現地の気候を考慮して11月開催となったワールドカップ2022カタール大会。大会前には盛り上がりに欠けるともいわれていたが、予選リーグでの日本代表の大活躍で、ここへきて異常な盛り上がりを見せている。

 

日本が入った1次リーグE組は「死の組」と呼ばれる厳しい組み合わせのグループ。世界ランキングではスペインが7位、ドイツは11位でコスタリカが31位、日本は24位だ。
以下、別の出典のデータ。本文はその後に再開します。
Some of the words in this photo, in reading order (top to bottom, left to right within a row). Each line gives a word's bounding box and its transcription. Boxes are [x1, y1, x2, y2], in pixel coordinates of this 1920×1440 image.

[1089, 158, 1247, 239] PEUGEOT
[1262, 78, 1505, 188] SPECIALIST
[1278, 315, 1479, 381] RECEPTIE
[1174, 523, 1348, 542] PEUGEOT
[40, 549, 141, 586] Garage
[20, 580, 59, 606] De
そのE組で、日本がドイツに続いてスペインからも逆転勝利を収め、勝ち点6で決勝トーナメントに駒を進めた。下馬評を覆し、優勝経験のある欧州の強豪2カ国(ドイツ4回、スペイン1回)から奪った白星は、日本のサッカー史にしっかりと刻まれる快挙だ。

 

日本代表メンバー26人のうち19人は欧州クラブに在籍し、常に世界レベルの環境に身を置いている。もちろん長い歴史を誇る欧州サッカーからまだまだ学ぶべき点は多いが、今大会を通じて、日本のレベルは着実に上がっていることが証明されたと言えるのではないか。

 

スペイン戦での決勝ゴールとなった日本の2点目は、ビデオ・アシスタント・レフェリー(VAR)で得点が認められた。TVの映像では、MF三苫選手がクロスを上げる前にゴールラインを割っているように見えたが、VARが2分半かけて確認し、ゴールが認められた。
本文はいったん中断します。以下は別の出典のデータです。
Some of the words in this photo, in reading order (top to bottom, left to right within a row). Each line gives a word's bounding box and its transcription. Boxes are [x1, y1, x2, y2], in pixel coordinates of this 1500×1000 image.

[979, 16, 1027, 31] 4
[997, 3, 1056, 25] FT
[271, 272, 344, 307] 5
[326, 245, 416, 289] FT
近年は様々なスポーツ競技でVARが導入されている。サッカーの競技規則では、ボールがラインを越えているかどうかについて、ボールの接地面がラインに触れていなくても、ラインの上空にボールの一部がかかっていれば(ラインから上空に引いた線の上にボールの端がかかっていれば)、インプレーとなるとのことだ。

 

今大会使用のボールにはドイツ製のセンサーチップが組み込まれていて、ミリ単位でボールの位置が確認できるとのこと。このシステムがなく審判の目視による判断だったら、結果が変わっていたかもしれない。テクノロジーの進歩がスポーツの勝敗を分けたともいえる。その結果、日本の勝利によりドイツは予選リーグ敗退となったのだから、何ともドラマチックな展開だ。

 

近年スポーツの世界では、テクノロジーの進歩により、様々な新しい試みが行われている。VARによる判定もその1つであるが、データサイエンスを駆使した練習方法やAIによる戦力の分析等は、競技レベルをさらなる高みに引き上げる可能性を持っている。
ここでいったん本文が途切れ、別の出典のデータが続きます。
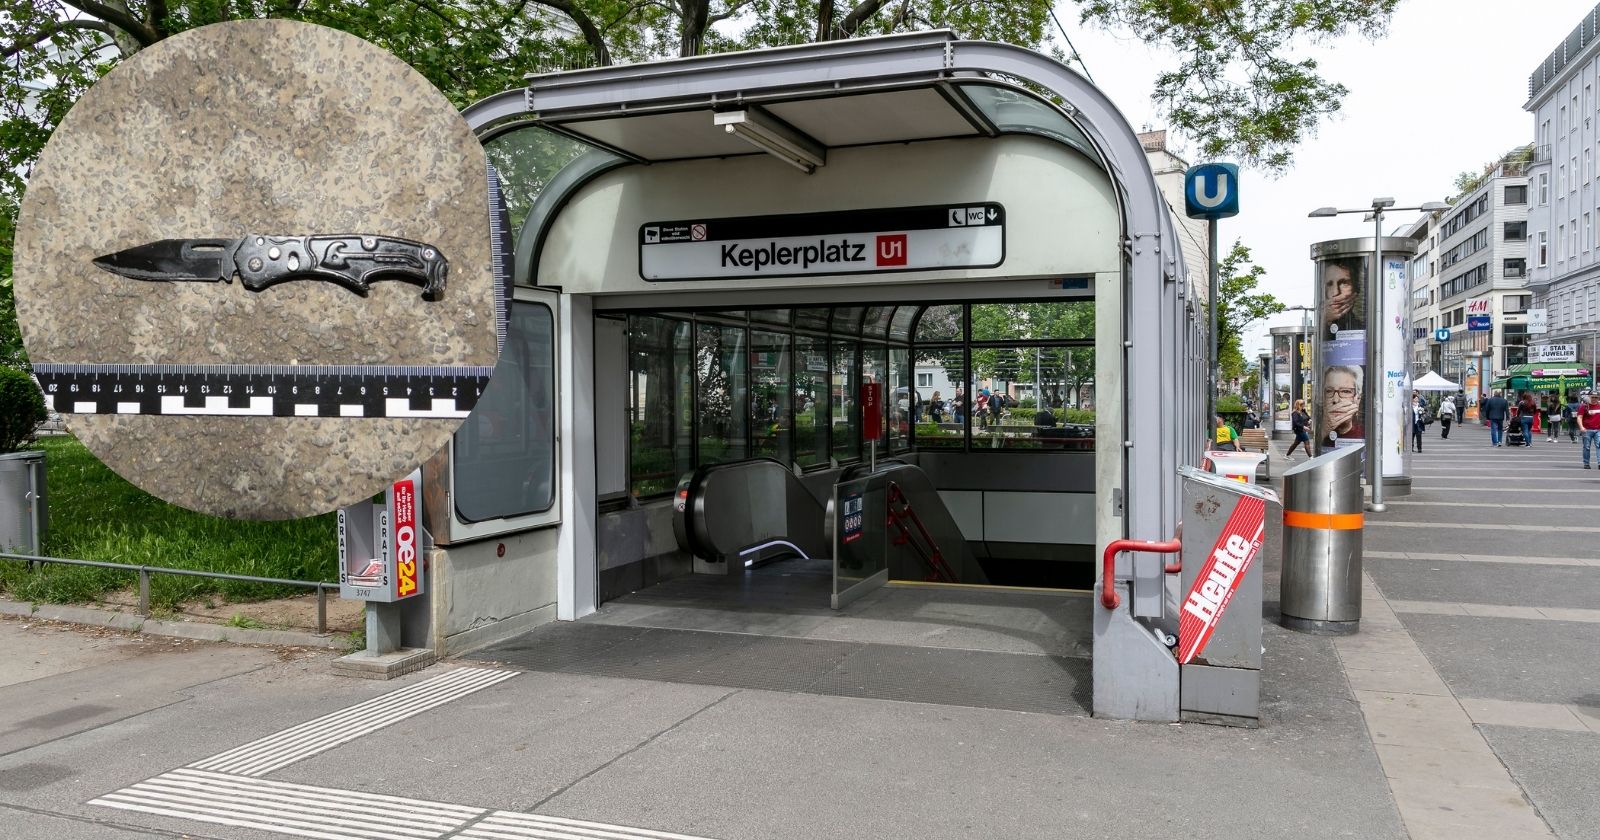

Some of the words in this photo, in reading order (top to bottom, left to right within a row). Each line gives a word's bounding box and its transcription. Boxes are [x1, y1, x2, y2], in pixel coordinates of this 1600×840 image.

しかし、どんなにテクノロジーが進歩しても、スポーツの主役は人である。練習によって鍛えられたアスリートの体力や技術、精神力によるパフォーマンスが不可欠だ。そして、そんなアスリートの姿が、観る人の心に感動を届けるのだ。

 

空前のラグビーブームを巻き起こした2019ラグビーW杯から、2020東京オリンピック・パラリンピック、2021ワールドマスターズゲームズへとゴールデン・スポーツイヤーズが続くと期待されていた。残念ながらコロナウィルスのまん延により、オリパラは無観客開催となり、マスターズは2027へ延期されたが、サッカーW杯の日本代表の活躍によって、スポーツの興奮が再び戻ってきた。

 

日本代表は初のベスト8進出を目指しているが、その目標達成まであと1勝。決勝トーナメントの1回戦の相手は前回準優勝で世界ランキング12位のクロアチアだ。日本代表の歴史を更に塗り替える戦いとなることを期待したい。森保監督のいう「新しい景色」、明るい話題が少ない今の日本には、それが最大の景気浮揚策となるかもしれない。